Archivi per la storia del movimento operaio
D) Partito comunista italiano
Giorgio Amico
Ancora sullo stalinismo nella sinistra italiana
A proposito di un articolo dell'Unità (1960)
Cosa sono gli archivi per la storia del movimento operaio
Gli Archivi per la storia del movimento operaio consistono in una serie di quaderni, frutto
della progressiva digitalizzazione dei materiali contenuti nell'archivio del Cedoc (Centro di
documentazione sull'età contemporanea), suddivisi in sei sezioni:
A) Marxismo
B) Anarchismo
C) Movimento socialista italiano e internazionale
D) Partito comunista italiano e movimento comunista internazionale
E) Dissidenze storiche: a) trotskismo b) sinistra comunista c) movimento dei consigli
F) Nuova sinistra
Il Cedoc conserva i materiali (libri, articoli, interventi, conferenze, ritagli di stampa, riviste e
opuscoli) frutto di una militanza iniziata nel 1967 e i fondi versati da alcuni compagni, in
particolare Flaviano Anselmo, purtroppo prematuramente scomparso, e Luciano Dondero.
Ancora sullo stalinismo nella sinistra italiana
Rileggendo per una ricerca sulla storia del trotskismo in Italia vecchi appunti presi dal libro di
Silverio Corvisieri "Il mio viaggio nella sinistra", edito da L'Espresso nell'ormai lontanissimo marzo
1979, ci è capitato di imbatterci nella seguente frase:
“Il mito dell'Unione Sovietica era quasi intatto. Si distingueva, infatti, tra la direzione politica del
paese e la sua struttura socialista che assicurava un continuo progresso in ogni campo, A nessuno
perciò veniva assolutamente da ridere se l'Unità (come fece il 14 gennaio del '60) apriva la prima
pagina con un titolo di questo genere: « Una storica decisione del Presidium del Soviet premo —
Soppresso nell'Urss il ministero degli Interni ». Giuseppe Boffa, allora corrispondente da Mosca,
asseriva che la decisione: « contraddistingue l'avanzata verso la società del pieno comunismo.
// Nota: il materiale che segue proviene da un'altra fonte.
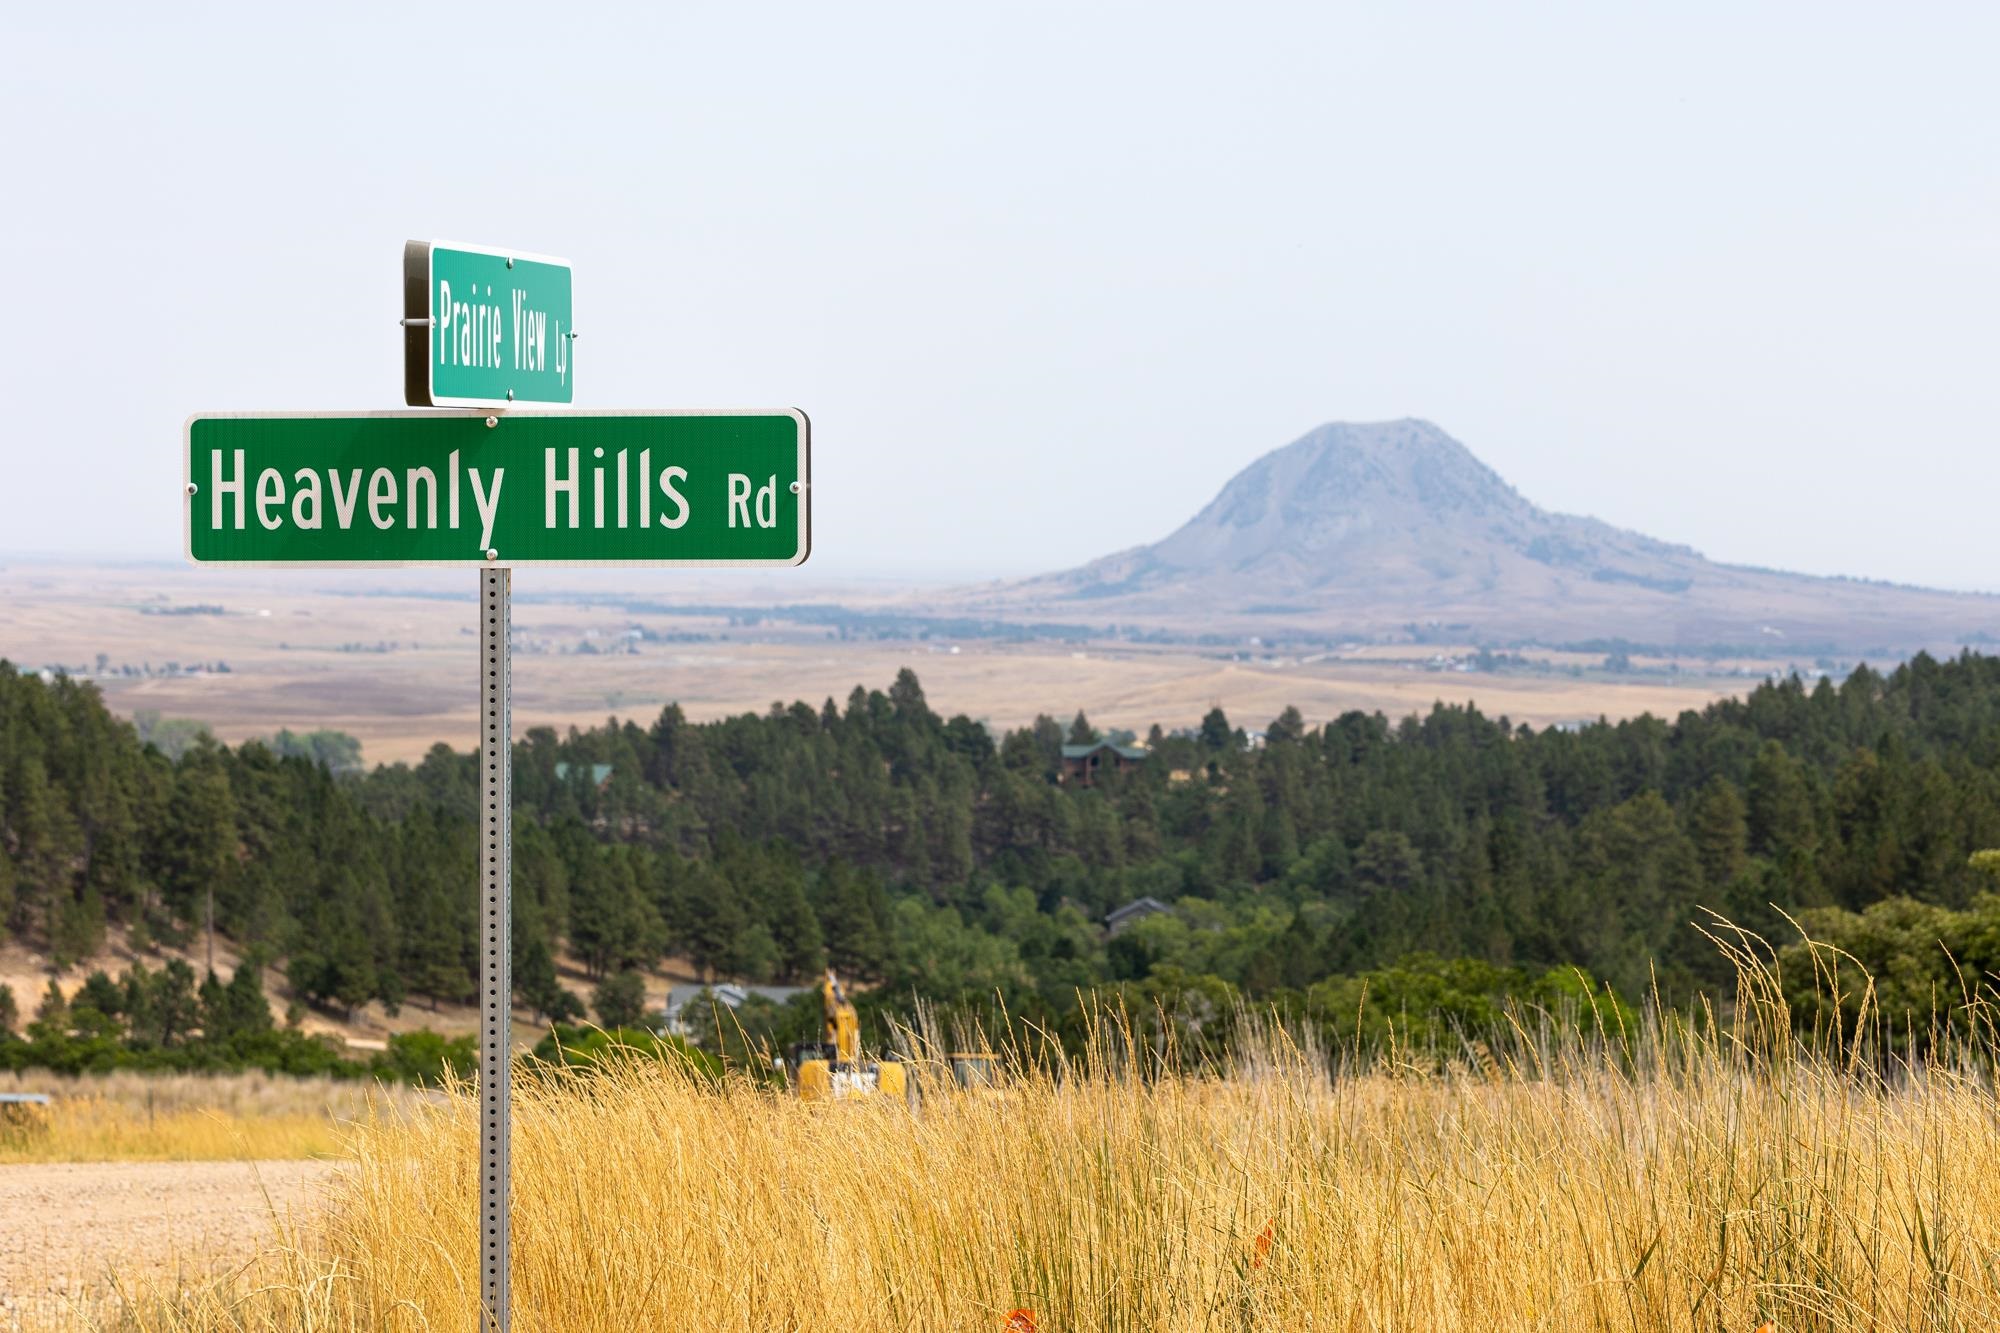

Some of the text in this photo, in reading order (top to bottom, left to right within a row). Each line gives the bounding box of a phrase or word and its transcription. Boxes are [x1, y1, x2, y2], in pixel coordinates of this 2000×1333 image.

[440, 279, 567, 387] Prairie View Lp
[211, 447, 777, 551] Heavenly Hills Rd
Una
grande evoluzione è in corso nell'Unione Sovietica verso quella forma di democrazia sempre più
profonda e totale, verso quella gestione della società da parte delle masse, che solo il comunismo
rende possibile: in tale evoluzione la misura decisa oggi rappresenta una tappa miliare, un grande e
radicale progresso ». (S. Corvisieri, op. cit., p.31)
In quel capitolo Corvisieri racconta la sua esperienza di giovanissimo redattore dell'Unità, già su
posizioni critiche anche se ancora molto confuse, incerto fra le tesi di Ingrao che affascinano la
parte più avanzata dei giovani comunsti e il richiamo della IV Internazionale trotskista a cui aderirà
nel 1964 dopo una lunga discussione con Livio Maitan riguardo alle tesi del VII Congresso
mondiale che si era tenuto un anno prima, in maniera clandestina, proprio in Italia.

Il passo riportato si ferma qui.